◆ TO DO ◆
From the line holding "this 1344×1512 image." to the final line of the entries, set down each line exactly, including both, and nothing more.

Stored data entries
####################

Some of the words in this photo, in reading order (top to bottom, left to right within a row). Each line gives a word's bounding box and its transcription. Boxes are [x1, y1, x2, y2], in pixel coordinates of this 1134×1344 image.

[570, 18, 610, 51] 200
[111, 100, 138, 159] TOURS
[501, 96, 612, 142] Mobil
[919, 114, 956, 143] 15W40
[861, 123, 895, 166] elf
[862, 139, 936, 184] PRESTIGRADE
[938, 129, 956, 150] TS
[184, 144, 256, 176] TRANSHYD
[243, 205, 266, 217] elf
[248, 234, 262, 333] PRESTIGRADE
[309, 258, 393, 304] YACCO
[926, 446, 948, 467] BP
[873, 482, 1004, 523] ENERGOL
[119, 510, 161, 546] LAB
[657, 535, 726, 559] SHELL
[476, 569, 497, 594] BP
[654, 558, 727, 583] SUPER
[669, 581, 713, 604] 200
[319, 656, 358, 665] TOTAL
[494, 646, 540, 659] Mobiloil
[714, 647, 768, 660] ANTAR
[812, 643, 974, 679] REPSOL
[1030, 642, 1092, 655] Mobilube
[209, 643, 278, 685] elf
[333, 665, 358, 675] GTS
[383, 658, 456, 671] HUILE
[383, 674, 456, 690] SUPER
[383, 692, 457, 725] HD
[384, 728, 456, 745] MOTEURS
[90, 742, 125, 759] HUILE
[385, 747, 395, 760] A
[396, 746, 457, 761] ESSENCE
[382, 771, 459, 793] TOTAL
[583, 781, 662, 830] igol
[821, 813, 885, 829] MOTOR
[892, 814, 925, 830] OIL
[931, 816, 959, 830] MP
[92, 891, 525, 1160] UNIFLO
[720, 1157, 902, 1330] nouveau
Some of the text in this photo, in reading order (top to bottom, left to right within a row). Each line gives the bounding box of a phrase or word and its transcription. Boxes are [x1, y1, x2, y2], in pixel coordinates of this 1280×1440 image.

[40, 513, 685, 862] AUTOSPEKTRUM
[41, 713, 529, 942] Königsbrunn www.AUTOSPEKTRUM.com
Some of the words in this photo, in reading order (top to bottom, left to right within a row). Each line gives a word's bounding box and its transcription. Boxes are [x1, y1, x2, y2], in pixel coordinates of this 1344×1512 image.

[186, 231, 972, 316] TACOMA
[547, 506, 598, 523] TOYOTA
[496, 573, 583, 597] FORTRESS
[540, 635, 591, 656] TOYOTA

####################

◆ OUTPUT ◆
Some of the words in this photo, in reading order (top to bottom, left to right within a row). Each line gives a word's bounding box and its transcription. Boxes are [x1, y1, x2, y2], in pixel coordinates of this 1344×1512 image.

[186, 231, 972, 316] TACOMA
[547, 506, 598, 523] TOYOTA
[496, 573, 583, 597] FORTRESS
[540, 635, 591, 656] TOYOTA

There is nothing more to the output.